Nach den protokollierten Aussagen der Zeugen R. und R. B. hatte letzterer den Mitarbeitern gesagt, das Geld - in Form eines Schecks über rund 180.000 DM - werde ausgezahlt, sobald die Bürgschaftserklärungen unterschrieben seien. Die sich darauf gründende Erwartung war - wiederum nach den Zeugenaussagen - den beiden Angestellten der Klägerin, W. und K., die die Abgabe der Bürgschaftserklärungen herbeiführten, bekannt. W. hat als Zeuge erklärt, R. B. habe bei der am 1. Februar 1995 mit den Mitarbeitern der Agentur veranstalteten Zusammenkunft, bei der er und sein Kollege K. anwesend waren, gesagt, die Besicherung der Provisionen sei wichtig, um den Fortbestand der Firma zu garantieren; möglicherweise, so hat sich der Zeuge ausgedrückt , habe der Eindruck bestanden, "daß die künftigen Provisionen fließen würden". Nach der Aussage K.s "motivierte" R. B. die Mitarbeiter, "die Bürgschaften zu unterschreiben, damit endlich Geld fließe". Er selbst habe das nicht gesagt. Er hat aber hinzugefügt: "Wir haben die Aussage des Herrn B. ...
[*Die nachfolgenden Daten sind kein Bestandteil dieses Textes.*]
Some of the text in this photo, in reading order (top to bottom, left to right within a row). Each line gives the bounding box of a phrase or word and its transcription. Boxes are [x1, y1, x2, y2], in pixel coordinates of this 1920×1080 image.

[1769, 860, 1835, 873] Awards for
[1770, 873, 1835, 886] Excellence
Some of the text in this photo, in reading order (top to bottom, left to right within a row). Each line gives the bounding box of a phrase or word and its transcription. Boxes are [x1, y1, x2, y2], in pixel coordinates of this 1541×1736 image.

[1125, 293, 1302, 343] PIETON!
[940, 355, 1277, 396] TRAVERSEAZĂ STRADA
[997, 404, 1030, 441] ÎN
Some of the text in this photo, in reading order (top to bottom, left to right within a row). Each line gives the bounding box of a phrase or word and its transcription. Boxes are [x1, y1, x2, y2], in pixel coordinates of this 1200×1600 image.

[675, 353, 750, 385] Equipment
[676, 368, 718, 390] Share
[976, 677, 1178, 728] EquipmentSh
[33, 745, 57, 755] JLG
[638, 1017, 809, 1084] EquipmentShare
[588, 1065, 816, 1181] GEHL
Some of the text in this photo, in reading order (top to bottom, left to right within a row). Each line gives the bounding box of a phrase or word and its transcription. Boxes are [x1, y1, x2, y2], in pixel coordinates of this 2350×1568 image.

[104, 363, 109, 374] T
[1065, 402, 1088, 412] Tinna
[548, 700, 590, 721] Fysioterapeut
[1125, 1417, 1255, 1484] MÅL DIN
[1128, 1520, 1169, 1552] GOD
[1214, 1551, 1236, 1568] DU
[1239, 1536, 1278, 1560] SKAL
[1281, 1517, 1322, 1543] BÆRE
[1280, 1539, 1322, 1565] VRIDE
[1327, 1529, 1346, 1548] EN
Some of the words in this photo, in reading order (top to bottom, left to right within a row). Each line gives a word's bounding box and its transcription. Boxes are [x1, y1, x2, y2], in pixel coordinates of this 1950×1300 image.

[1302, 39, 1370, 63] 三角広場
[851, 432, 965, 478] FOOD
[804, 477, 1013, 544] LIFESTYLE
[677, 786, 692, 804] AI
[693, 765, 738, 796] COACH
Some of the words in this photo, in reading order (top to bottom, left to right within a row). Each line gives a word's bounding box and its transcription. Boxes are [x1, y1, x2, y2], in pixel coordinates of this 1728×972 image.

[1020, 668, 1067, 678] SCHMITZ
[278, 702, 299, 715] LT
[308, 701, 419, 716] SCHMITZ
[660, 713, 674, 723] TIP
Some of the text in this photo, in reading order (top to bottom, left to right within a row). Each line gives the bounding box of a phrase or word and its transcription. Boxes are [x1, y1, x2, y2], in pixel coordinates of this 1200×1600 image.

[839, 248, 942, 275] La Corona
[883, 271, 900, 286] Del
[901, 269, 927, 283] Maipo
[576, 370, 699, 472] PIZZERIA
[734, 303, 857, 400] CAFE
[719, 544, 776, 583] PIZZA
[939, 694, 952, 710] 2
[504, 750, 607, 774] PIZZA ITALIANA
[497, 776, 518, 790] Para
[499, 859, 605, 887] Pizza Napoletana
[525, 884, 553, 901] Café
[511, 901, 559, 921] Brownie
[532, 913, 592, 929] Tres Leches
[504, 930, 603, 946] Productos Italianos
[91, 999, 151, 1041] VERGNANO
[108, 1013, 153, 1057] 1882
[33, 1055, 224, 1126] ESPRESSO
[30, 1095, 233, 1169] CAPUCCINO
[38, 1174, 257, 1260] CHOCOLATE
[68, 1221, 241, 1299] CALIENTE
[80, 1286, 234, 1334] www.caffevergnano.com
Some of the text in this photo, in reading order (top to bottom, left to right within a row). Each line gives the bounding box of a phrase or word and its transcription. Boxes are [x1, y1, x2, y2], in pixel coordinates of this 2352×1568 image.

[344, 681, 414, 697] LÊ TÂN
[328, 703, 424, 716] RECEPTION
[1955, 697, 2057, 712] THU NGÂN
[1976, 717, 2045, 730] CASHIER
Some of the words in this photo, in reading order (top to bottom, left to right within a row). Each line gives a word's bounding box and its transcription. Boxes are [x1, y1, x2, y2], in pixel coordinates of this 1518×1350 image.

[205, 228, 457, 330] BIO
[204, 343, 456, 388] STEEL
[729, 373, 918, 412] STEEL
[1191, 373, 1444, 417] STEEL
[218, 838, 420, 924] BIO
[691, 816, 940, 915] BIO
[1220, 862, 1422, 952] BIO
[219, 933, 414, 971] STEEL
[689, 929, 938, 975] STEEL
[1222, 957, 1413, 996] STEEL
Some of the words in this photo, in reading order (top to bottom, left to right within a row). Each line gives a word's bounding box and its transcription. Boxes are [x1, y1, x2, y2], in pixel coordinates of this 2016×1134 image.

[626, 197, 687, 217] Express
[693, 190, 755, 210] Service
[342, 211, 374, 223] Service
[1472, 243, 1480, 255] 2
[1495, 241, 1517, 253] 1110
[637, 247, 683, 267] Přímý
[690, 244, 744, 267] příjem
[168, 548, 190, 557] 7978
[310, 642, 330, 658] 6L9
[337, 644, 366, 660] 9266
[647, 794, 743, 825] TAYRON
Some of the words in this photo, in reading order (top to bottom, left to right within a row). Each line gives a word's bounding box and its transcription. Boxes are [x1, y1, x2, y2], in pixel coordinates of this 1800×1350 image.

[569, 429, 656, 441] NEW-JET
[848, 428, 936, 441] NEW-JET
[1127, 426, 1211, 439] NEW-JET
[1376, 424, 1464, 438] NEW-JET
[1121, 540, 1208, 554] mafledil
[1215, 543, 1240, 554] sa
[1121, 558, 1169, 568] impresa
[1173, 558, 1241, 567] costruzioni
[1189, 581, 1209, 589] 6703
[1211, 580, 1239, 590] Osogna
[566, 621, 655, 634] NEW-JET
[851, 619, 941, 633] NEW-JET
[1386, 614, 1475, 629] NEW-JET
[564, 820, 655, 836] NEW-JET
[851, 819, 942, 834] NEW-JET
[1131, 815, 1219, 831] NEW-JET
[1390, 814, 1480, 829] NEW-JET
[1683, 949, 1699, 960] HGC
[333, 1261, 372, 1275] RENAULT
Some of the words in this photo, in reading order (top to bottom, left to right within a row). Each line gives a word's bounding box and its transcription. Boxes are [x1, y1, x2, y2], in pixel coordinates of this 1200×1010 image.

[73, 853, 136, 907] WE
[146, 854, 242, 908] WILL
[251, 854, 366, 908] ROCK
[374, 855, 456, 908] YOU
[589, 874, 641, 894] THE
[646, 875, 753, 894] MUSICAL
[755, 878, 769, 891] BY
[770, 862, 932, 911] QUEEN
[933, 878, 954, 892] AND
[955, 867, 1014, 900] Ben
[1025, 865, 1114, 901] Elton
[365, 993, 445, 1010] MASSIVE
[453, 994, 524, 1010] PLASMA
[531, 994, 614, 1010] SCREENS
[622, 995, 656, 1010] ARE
nicht korrigiert". Ein weiterer Mitarbeiter der Agentur, der bereits erwähnte Zeuge R., hat bekundet, bei einer kurz zuvor abgehaltenen ersten Versammlung habe einer der beiden Vertreter der Klägerin mehrmals einen Scheck aus der Jackentasche gezogen und "ansatzweise gezeigt". W. und K. haben bei ihren erstinstanzlichen Aussagen die Taktik geschildert, mit der sie - in Absprache mit A. und R. B. - in der entscheidenden Versammlung am 1. Februar 1995 vorgegangen seien: Die Verhandlung sei in zwei getrennte Tagesordnungspunkte aufgegliedert worden; zunächst sei nur über die Gewährung von Sicherheiten durch die anwesenden Mitarbeiter gesprochen worden; erst, nachdem die Bürgschaftserklärungen unterschrieben gewesen seien, sei "die Frage, wie die Geschäfte betrieben werden", erörtert worden; "wir wollten eine Sache nach der anderen abhandeln". Im Protokoll über die erstinstanzliche Aussage K.s heißt es wörtlich: "Die Bürgschaft wurde zuerst abgefordert, da ich unterstelle, daß wir nach der Erörterung der Probleme über die Ordnungsgemäßheit der Versicherungsverträge die Bürgschaften nicht bekommen hätten". Tatsächlich kam es bei der Erörterung des zweiten Tagesordnungspunkts zu einem von allen Zeugen geschilderten Tumult, bei dem den Versicherungsvertretern die Aktentasche mit den soeben unterschriebenen Bürgschaften für kurze Zeit entrissen wurde und sie sich nur durch gewaltsame Flucht retten konnten, wobei nach der Schilderung, die der in einem anderen Prozeß verklagte Mitarbeiter G. dort bei seiner persönlichen Anhörung gegeben hat, "der eine ... dann noch eine Tür eingetreten" hat.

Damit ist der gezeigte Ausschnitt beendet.